Wood ticks are about the size of a watermelon seed. Deer ticks are smaller, somewhere between the size of a poppy seed and an apple seed.
Deer ticks can transmit Lyme disease, but only do so in less than 2% of tick bites. Wood ticks can transmit another infection, Rocky Mountain spotted fever.
Parents should be aware that DEET is not very effective against ticks and picardin works better. But the most effective repellent for ticks is to treat clothing with permethrin, which actually kills, versus repels, insects like mosquitoes and ticks. It should never be used on skin.
The application works on clothing for up to six weeks or six washings. It can also be used on sleeping bags and tents. Carefully follow the product’s directions for use.
4. Don’t forget “tick checks”
Burrows says that when hiking in the woods or high grassy areas, parents should do a “tick check” on everyone in the family as soon as they come inside. Thoroughly check in and around the ears, inside belly buttons, behind knees, between legs, in armpits and in hair.
Although ticks will burrow into the skin in order to suck on a person’s blood, their bite is painless.
“Because you won’t feel them bite, you’ll need to look for them carefully,” Burrows says.
“An infected tick usually has to stay attached for 24 hours before there is any chance of transmitting the organism that causes Lyme disease, so finding one right away is important.”
5. Remove ticks properly
Should you discover a tick, don’t panic – but don’t wait to remove it, either – Burrows says.
If you find a wood tick, use tweezers to remove it. Grasp the tick close to where it’s attached to your skin and pull straight up without twisting or crushing the tick. When dealing with the smaller deer ticks, if you don’t have tweezers, you can scrape them off with a fingernail or the edge of a credit card.

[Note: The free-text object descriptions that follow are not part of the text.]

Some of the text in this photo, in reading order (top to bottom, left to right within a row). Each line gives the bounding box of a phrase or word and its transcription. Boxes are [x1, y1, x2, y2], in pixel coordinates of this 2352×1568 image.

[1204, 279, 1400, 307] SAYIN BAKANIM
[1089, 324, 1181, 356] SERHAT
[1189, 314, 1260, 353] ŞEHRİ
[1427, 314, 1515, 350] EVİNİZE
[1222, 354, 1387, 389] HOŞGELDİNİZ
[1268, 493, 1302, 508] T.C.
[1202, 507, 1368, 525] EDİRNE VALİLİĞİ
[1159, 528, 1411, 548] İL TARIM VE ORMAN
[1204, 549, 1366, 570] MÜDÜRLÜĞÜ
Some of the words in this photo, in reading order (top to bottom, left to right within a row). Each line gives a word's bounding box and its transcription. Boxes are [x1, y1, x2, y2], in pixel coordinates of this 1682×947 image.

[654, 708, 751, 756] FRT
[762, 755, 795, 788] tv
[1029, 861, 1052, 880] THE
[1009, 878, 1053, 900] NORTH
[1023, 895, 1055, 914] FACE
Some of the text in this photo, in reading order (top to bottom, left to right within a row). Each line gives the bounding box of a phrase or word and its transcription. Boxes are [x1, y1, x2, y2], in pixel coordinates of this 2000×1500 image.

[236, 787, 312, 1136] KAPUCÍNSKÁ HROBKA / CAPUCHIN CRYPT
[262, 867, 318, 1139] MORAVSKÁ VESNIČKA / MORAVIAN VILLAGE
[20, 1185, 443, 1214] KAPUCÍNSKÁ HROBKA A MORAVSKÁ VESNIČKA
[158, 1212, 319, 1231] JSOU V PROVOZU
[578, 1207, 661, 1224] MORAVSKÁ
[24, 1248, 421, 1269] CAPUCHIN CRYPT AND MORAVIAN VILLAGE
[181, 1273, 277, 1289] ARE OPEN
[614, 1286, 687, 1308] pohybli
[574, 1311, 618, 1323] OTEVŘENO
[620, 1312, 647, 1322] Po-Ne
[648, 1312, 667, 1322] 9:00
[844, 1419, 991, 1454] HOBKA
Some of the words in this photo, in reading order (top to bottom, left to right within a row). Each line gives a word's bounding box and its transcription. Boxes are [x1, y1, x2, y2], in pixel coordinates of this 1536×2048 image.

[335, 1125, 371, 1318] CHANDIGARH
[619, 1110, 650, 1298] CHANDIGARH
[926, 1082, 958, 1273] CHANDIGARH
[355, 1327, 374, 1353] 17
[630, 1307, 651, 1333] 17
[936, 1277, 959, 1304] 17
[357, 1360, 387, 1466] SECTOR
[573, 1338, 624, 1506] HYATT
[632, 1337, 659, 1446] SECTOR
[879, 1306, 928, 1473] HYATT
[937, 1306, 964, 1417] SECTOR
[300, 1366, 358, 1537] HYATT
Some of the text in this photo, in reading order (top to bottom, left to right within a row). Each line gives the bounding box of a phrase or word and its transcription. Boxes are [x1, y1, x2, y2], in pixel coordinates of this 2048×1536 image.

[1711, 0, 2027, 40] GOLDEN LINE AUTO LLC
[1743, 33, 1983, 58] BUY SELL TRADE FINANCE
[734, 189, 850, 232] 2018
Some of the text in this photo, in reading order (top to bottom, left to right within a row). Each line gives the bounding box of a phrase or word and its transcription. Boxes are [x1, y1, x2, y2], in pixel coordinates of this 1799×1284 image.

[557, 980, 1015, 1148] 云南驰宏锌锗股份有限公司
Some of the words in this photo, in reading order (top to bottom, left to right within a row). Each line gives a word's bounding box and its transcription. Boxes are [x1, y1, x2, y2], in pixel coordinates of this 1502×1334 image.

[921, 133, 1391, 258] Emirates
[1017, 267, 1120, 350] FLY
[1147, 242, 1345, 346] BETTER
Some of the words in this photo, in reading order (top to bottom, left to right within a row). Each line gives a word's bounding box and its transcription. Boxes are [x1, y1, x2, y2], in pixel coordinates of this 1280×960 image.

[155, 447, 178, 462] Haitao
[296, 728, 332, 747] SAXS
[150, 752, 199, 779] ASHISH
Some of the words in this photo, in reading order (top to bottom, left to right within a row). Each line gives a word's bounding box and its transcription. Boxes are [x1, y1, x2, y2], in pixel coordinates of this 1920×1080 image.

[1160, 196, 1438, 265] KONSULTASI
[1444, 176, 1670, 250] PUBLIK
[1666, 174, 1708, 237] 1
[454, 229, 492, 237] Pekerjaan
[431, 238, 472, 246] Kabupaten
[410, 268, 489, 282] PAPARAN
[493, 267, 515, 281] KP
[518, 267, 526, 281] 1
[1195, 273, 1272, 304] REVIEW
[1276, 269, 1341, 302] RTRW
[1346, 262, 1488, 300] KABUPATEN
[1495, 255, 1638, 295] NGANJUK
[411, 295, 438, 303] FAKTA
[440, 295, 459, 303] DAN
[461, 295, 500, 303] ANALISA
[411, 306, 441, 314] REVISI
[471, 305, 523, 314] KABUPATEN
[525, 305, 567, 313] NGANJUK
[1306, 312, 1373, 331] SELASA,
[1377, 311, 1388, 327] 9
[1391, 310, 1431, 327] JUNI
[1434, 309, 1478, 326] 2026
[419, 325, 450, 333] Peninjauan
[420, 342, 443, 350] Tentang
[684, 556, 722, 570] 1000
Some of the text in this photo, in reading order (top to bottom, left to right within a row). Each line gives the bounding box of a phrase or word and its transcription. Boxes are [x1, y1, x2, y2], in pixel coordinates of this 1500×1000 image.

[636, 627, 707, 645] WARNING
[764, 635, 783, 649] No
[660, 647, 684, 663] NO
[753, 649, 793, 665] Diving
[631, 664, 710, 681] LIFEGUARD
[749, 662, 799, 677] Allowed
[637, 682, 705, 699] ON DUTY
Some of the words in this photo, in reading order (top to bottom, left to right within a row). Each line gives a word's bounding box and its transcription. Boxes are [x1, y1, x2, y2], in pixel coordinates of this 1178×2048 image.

In either scenario, wash the bite area and your hands with soap and water after removing a tick. Then apply an over-the-counter antibiotic ointment to the bite site.
“If you’re worried about potential tick-transmitted diseases, place the tick in a plastic bag after removal so you can take it to your doctor if any symptoms develop,” Burrows says.
6. Know the signs to seek medical care.
Nearly half of parents polled give their children oral antihistamines to provide relief from bites while 40% prefer calamine lotion and 27% use rubbing alcohol. Many parents also use home remedies, including an ice cold rag, oatmeal baths and baking soda.
But if a child develops fever, a headache, body aches and a rash within 3-14 days of a bite, parents should contact their child’s health care provider, Burrows says.
A bull’s-eye-shaped or circular rash around the bite site can also be an indication of Lyme disease. If Lyme disease has been transmitted, the rash will typically appear within three to 30 days.
Other tickborne illnesses have their own rash patterns. Rocky Mountain spotted fever looks just like it sounds — a spotty rash in the affected area.
“If children have any of these symptoms, they should see their doctor immediately for treatment,” Burrows says.